We can do something similar with global variables.
As an example, consider this excerpt from a file data.c:
int somevalue;
Another file, user.c, may want to access the somevalue variable.
It can do this using the following declaration:
extern int somevalue;
The important keyword here is extern.
The extern keyword means the variable is available somewhere else.
So the extern line in user.c is equivalent to a function declaration, while the line in data.c is more like a definition.
We can make this a bit more modular by putting the extern line in a header file, perhaps data.h.
That would allow any source file that includes data.h to access somevalue.
extern variables in header files?You may wonder whether we’re allowed to create global variables in header files instead of a C source file.
As an example, we could do away with data.c entirely and write this in data.h:
int somedata;
While this might seem reasonable, it does not work in C.
That’s because every source file that includes data.h will create a global variable called somedata.
When we compile the program we will get a linker error because the somedata variable is defined multiple times.
So, as a general rule we cannot put non-extern variables in header files.

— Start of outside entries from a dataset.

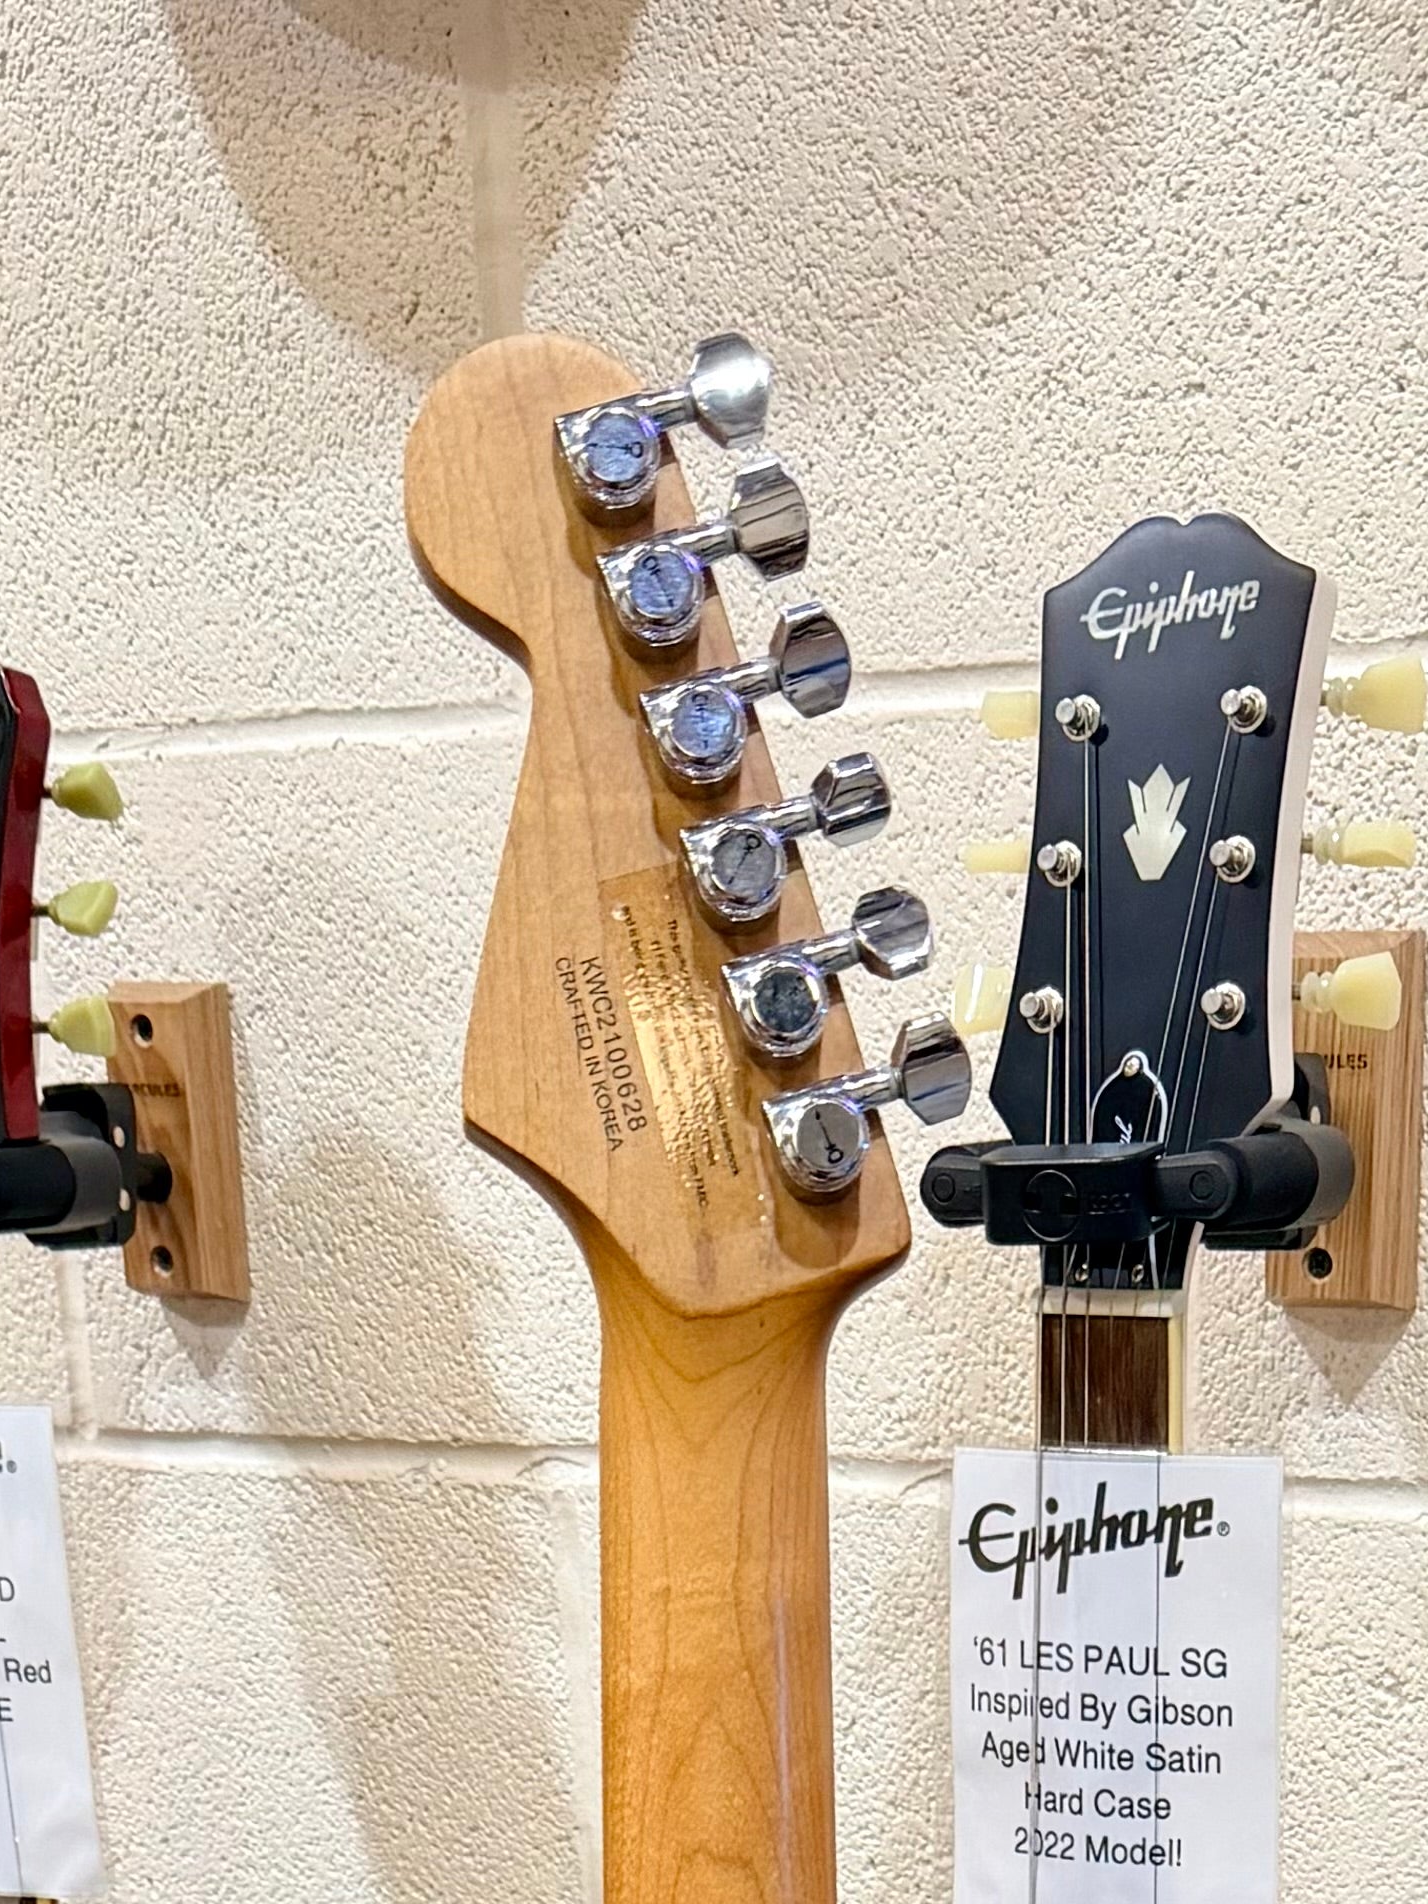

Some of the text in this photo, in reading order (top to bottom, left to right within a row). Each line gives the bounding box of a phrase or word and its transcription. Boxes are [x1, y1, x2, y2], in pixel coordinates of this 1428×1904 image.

[1079, 569, 1261, 661] Epiphone
[556, 957, 625, 1152] CRAFTED IN KOREA
[581, 956, 648, 1133] KWC2100628
[958, 1480, 1215, 1600] Epiphone
[3, 1659, 53, 1685] Red
[1019, 1640, 1075, 1675] LES
[1083, 1643, 1172, 1677] PAUL
[1180, 1647, 1229, 1680] SG
[970, 1683, 1235, 1731] Inspired By Gibson
[981, 1731, 1223, 1776] Aged White Satin
[1024, 1783, 1172, 1822] Hard Case
[1013, 1827, 1184, 1868] 2022 Model!
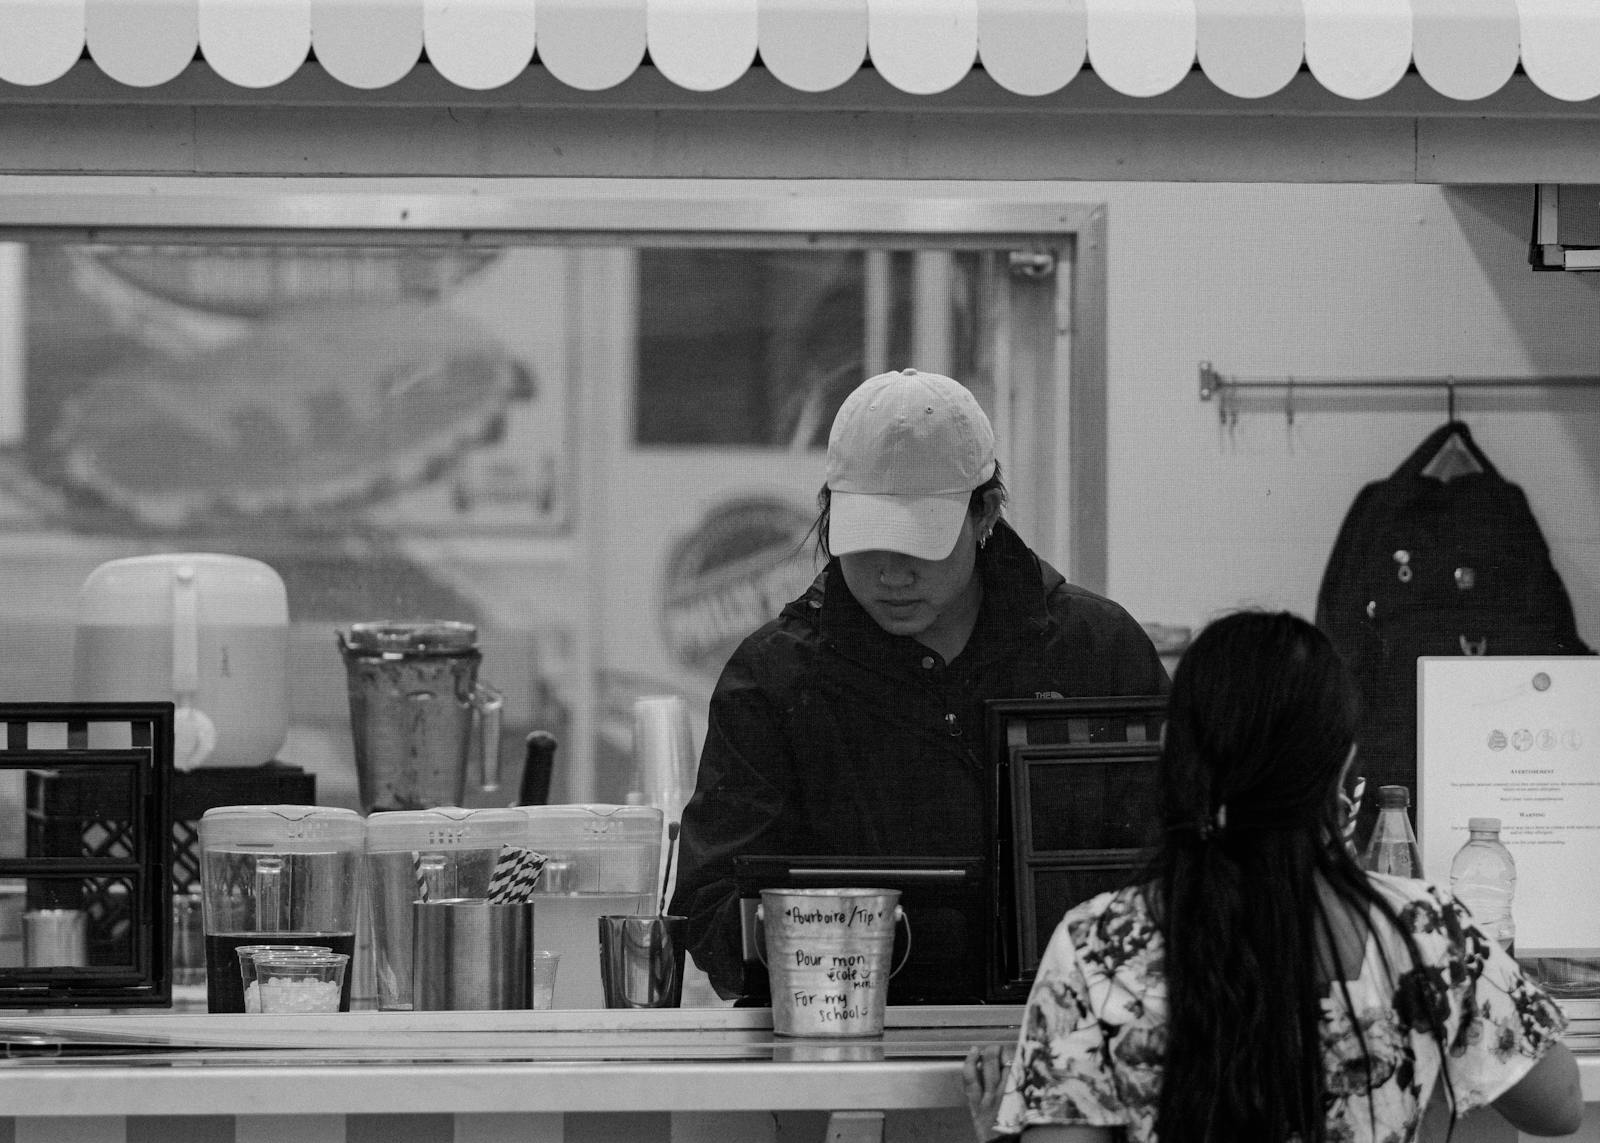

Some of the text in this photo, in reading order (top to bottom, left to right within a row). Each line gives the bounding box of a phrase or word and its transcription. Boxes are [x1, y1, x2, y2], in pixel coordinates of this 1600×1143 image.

[796, 949, 865, 967] Pour mon
[794, 990, 848, 1008] For my
[819, 1005, 859, 1023] school

Our examples so far have all included header files from .c source files, but C allows us to include header files from other headers.

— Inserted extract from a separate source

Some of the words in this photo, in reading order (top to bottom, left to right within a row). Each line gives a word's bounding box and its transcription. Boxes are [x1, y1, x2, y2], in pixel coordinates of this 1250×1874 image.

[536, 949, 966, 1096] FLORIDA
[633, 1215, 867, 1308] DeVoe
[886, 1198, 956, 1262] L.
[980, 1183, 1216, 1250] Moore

For example, the header file cow.h may contain:
#include "util.h"
void cow_sound(int count);
In this example, any file that includes cow.h would also have access to the declarations in util.h.
The risk with nested includes is that they could end up being recursive;
util.h may include helpers.h, which could in turn include util.h.

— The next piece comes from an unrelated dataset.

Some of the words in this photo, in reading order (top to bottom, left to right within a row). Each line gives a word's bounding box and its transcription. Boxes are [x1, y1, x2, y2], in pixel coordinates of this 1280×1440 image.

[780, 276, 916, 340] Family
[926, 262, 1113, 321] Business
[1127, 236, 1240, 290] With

This is exactly the situation include guards are designed to resolve.
static keywordThe static keyword is one of the most confusing parts of C because it has so many different meanings.
If all you remember from this part of the reading is that static can be confusing and you should check its meaning before using it that would be enough.
Here are some of the ways static can be used in C:
We can use static to create variables or functions that have limited visibility like this:
static int x = 1;
static void do_something() {
...
}
In this example, only the file that contains these declarations can use x and do_something.
If we put these lines in a .c file, only that .c file can access them.
If we put these lines in a header file, we end up with something slightly different.
Every .c file that includes the header will have its own version of x and do_something.
It doesn’t usually matter whether two source files share a function (provided the implementation is the same) but there is a significant difference in how x will behave.
If one file includes this header and modifies x, only that file will see the update.
Another file that includes the header has its own separate x variable that can have a different value.
Note that header files are not treated specially;
the meaning of static variables or functions in a header file is no different than in a .c file, it just has slightly different consequences because a header file can be included in multiple places.
We can also write static next to a local variable inside a function.
In this case, the variable is preserved across function calls.
For example, this function returns a number that increases by one each time you call it:
int count_up() {
static int next = 0;
int result = next;
next++;
return result;
}
You can think of these static variables a bit like globals.
This implementation of count_up is equivalent:
int next = 0;
int count_up() {
int result = next;
next++;
return result;
}
The only difference between the two examples is the scope of next.
The first version makes next available inside the count_up function and nowhere else.
In the second version, next is a global and can be accessed and modified anywhere in your program.
There are many different practices for organizing large C projects, but almost any C project will place limits on some of the features described in this reading.
But you’ll also find that most rules also have exceptions.
For example, most C projects disallow the use of extern global variables, but the C standard library has an extern global variable called errno that is so common and important it has its own manpage.
We will spend time in class discussing the advantages and drawbacks of different methods of organizing our code. That discussion will lead us to a reasonable set of standards we’ll follow for the rest of this class, but you’ll also need to be prepared to adapt to other styles if you work with C in the future.